───── Data excerpts ─────

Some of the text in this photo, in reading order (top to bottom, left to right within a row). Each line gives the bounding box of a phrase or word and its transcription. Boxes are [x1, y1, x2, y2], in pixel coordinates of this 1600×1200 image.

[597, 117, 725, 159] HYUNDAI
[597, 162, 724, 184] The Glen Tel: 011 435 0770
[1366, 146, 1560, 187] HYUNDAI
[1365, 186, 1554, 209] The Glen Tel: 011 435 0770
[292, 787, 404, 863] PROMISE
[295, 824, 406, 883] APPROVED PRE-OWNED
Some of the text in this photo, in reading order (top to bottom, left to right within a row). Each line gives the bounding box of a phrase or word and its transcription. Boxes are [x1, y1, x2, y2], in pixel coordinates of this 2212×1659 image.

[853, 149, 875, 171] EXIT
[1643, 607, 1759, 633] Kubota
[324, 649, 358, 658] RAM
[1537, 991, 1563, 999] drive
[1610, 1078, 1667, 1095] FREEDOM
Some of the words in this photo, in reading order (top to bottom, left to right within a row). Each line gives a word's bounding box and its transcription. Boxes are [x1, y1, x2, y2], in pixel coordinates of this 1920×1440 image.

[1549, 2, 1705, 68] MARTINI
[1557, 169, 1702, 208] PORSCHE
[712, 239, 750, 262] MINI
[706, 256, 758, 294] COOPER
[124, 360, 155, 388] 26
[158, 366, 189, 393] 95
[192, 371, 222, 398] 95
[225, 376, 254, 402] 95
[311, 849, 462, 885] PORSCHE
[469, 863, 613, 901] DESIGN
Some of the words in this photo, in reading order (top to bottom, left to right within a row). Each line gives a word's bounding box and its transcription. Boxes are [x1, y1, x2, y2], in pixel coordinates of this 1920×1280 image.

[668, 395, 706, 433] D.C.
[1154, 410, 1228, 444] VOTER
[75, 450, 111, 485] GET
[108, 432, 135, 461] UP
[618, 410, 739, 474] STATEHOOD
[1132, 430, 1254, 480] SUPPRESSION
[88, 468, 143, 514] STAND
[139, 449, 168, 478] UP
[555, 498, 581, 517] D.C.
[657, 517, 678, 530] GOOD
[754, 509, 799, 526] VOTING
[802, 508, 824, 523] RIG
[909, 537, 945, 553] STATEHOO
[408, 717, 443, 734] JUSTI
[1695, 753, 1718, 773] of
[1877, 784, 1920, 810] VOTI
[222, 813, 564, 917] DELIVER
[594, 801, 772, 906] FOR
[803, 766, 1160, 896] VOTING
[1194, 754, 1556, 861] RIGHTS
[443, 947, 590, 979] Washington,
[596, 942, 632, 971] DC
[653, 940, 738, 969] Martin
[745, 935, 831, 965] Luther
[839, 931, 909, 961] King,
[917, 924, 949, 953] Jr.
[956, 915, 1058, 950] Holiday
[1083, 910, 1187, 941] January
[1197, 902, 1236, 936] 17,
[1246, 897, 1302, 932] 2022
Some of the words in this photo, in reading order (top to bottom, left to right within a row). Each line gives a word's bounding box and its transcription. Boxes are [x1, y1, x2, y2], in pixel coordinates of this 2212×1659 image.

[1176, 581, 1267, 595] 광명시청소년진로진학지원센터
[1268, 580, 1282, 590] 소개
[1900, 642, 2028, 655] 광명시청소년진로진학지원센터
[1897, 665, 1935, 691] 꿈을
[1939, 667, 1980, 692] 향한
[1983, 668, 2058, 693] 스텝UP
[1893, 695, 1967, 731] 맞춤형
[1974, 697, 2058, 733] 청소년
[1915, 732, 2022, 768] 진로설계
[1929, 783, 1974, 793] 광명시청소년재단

─────

> [Task statement] Write down the entries above again. Copy them word for word.

> [Answer section]
Some of the text in this photo, in reading order (top to bottom, left to right within a row). Each line gives the bounding box of a phrase or word and its transcription. Boxes are [x1, y1, x2, y2], in pixel coordinates of this 1600×1200 image.

[597, 117, 725, 159] HYUNDAI
[597, 162, 724, 184] The Glen Tel: 011 435 0770
[1366, 146, 1560, 187] HYUNDAI
[1365, 186, 1554, 209] The Glen Tel: 011 435 0770
[292, 787, 404, 863] PROMISE
[295, 824, 406, 883] APPROVED PRE-OWNED
Some of the text in this photo, in reading order (top to bottom, left to right within a row). Each line gives the bounding box of a phrase or word and its transcription. Boxes are [x1, y1, x2, y2], in pixel coordinates of this 2212×1659 image.

[853, 149, 875, 171] EXIT
[1643, 607, 1759, 633] Kubota
[324, 649, 358, 658] RAM
[1537, 991, 1563, 999] drive
[1610, 1078, 1667, 1095] FREEDOM
Some of the words in this photo, in reading order (top to bottom, left to right within a row). Each line gives a word's bounding box and its transcription. Boxes are [x1, y1, x2, y2], in pixel coordinates of this 1920×1440 image.

[1549, 2, 1705, 68] MARTINI
[1557, 169, 1702, 208] PORSCHE
[712, 239, 750, 262] MINI
[706, 256, 758, 294] COOPER
[124, 360, 155, 388] 26
[158, 366, 189, 393] 95
[192, 371, 222, 398] 95
[225, 376, 254, 402] 95
[311, 849, 462, 885] PORSCHE
[469, 863, 613, 901] DESIGN
Some of the words in this photo, in reading order (top to bottom, left to right within a row). Each line gives a word's bounding box and its transcription. Boxes are [x1, y1, x2, y2], in pixel coordinates of this 1920×1280 image.

[668, 395, 706, 433] D.C.
[1154, 410, 1228, 444] VOTER
[75, 450, 111, 485] GET
[108, 432, 135, 461] UP
[618, 410, 739, 474] STATEHOOD
[1132, 430, 1254, 480] SUPPRESSION
[88, 468, 143, 514] STAND
[139, 449, 168, 478] UP
[555, 498, 581, 517] D.C.
[657, 517, 678, 530] GOOD
[754, 509, 799, 526] VOTING
[802, 508, 824, 523] RIG
[909, 537, 945, 553] STATEHOO
[408, 717, 443, 734] JUSTI
[1695, 753, 1718, 773] of
[1877, 784, 1920, 810] VOTI
[222, 813, 564, 917] DELIVER
[594, 801, 772, 906] FOR
[803, 766, 1160, 896] VOTING
[1194, 754, 1556, 861] RIGHTS
[443, 947, 590, 979] Washington,
[596, 942, 632, 971] DC
[653, 940, 738, 969] Martin
[745, 935, 831, 965] Luther
[839, 931, 909, 961] King,
[917, 924, 949, 953] Jr.
[956, 915, 1058, 950] Holiday
[1083, 910, 1187, 941] January
[1197, 902, 1236, 936] 17,
[1246, 897, 1302, 932] 2022
Some of the words in this photo, in reading order (top to bottom, left to right within a row). Each line gives a word's bounding box and its transcription. Boxes are [x1, y1, x2, y2], in pixel coordinates of this 2212×1659 image.

[1176, 581, 1267, 595] 광명시청소년진로진학지원센터
[1268, 580, 1282, 590] 소개
[1900, 642, 2028, 655] 광명시청소년진로진학지원센터
[1897, 665, 1935, 691] 꿈을
[1939, 667, 1980, 692] 향한
[1983, 668, 2058, 693] 스텝UP
[1893, 695, 1967, 731] 맞춤형
[1974, 697, 2058, 733] 청소년
[1915, 732, 2022, 768] 진로설계
[1929, 783, 1974, 793] 광명시청소년재단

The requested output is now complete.